I have some locos that are supposed to have traction tires but don't. You may not need them at all (real trains don't use them, although they do have sanders to aid in traction). Test first, before you assume you need a traction tire; it almost sounds like the traction tires you used are too thick and aren't allowing the full weight of the loco on the wheels. But adding weight can help with that.

Another option is a product called Bullfrog Snot. It is basically high-grade rubber cement that you use to "paint" your own traction tires onto a loco. Since you're having trouble finding something the correct size, that may be a good option for you.


----------



## Tigger (Dec 19, 2021)

The round O-rings were replaced with the dental bands yesterday. It's just a huge pain getting them to sit right but I did manage to get it done and they are working good/fair. I have some stick on tire/wheel weights coming today that should help also.
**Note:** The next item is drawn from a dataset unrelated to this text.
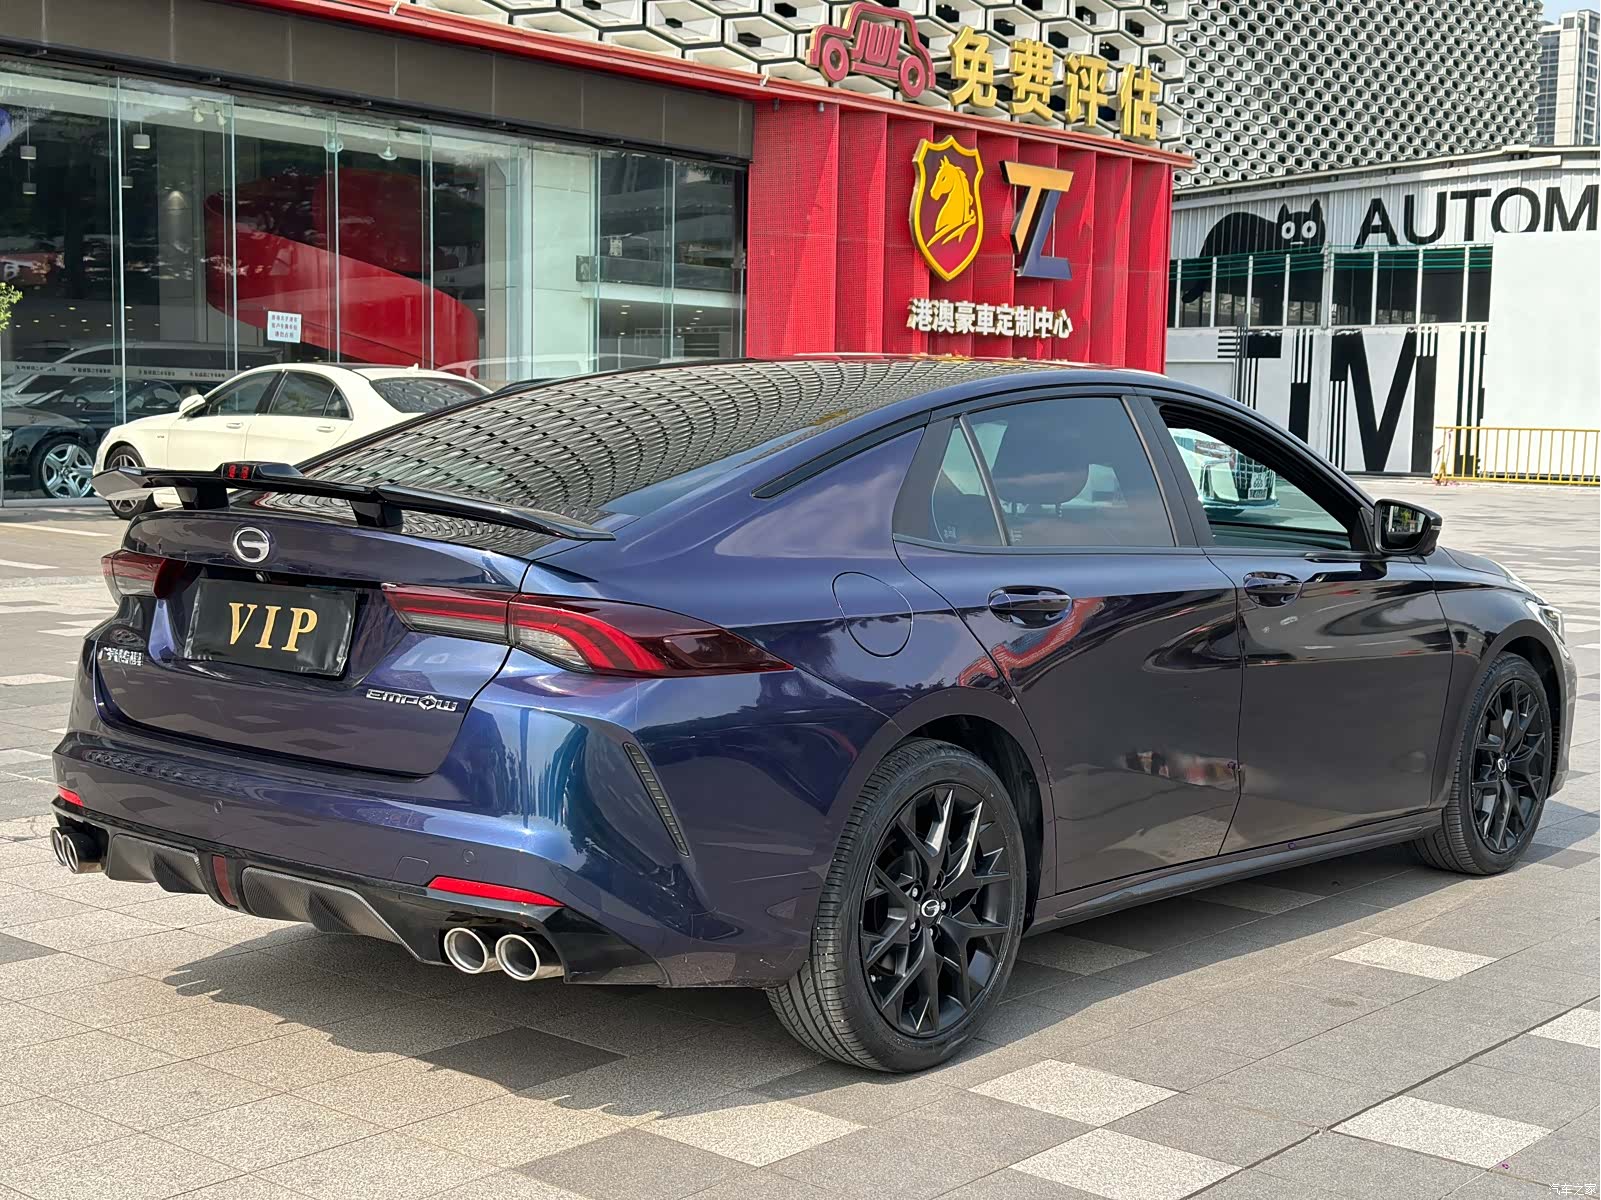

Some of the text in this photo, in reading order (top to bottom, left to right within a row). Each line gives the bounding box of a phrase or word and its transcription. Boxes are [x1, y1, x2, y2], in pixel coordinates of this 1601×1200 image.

The "O" rings are so thin that very little comes in contact with the track, basically I wasted my money and time with those. They arrived 2.5 weeks after I ordered them. Oh well. The dental bands are cheap, so I may try a different size. The table lumber is in my mancave. We rearraigned the basement, treadmill and exercise equipment and mounted the TV to a different spot. I have plenty of room now and dont have move the ping pong table. Wife is happy, so everyone is happy, lol. They predicted lumber to come down in price this year, boy were they ever wrong. Wow$$$. I'll look into on the bullfrog snot stuff. thanks again.


----------



## kilowatt62 (Aug 18, 2019)

You could try, lovetrainhobbies on ebay. Custom selection of traction tires there. Just need an appropriate measurement from the wheels, as they do not go by brand.


----------



## Tigger (Dec 19, 2021)

Years ago I had a Flood light tower, Tyco No. 107, TYCO FLOODLIGHT TOWER (4 LIGHT) NO. 107 VINTAGE HO SCALE IN PACKAGE | #1849437298
4 lights that lit up the entire basement at night. I'd like to get something similar to that. Ebay currently dont have any. Is there anything thats close? Or even better? Found something in "O" scale thats too large. Or even a home built one, I'd like that even better.


----------



## vette-kid (May 2, 2020)

Tigger said:


> Years ago I had a Flood light tower, Tyco No. 107, TYCO FLOODLIGHT TOWER (4 LIGHT) NO. 107 VINTAGE HO SCALE IN PACKAGE | #1849437298
> 4 lights that lit up the entire basement at night. I'd like to get something similar to that. Ebay currently dont have any. Is there anything thats close? Or even better? Found something in "O" scale thats too large. Or even a home built one, I'd like that even better.


I have several of those, but the plastic is brittle and they are all broken. 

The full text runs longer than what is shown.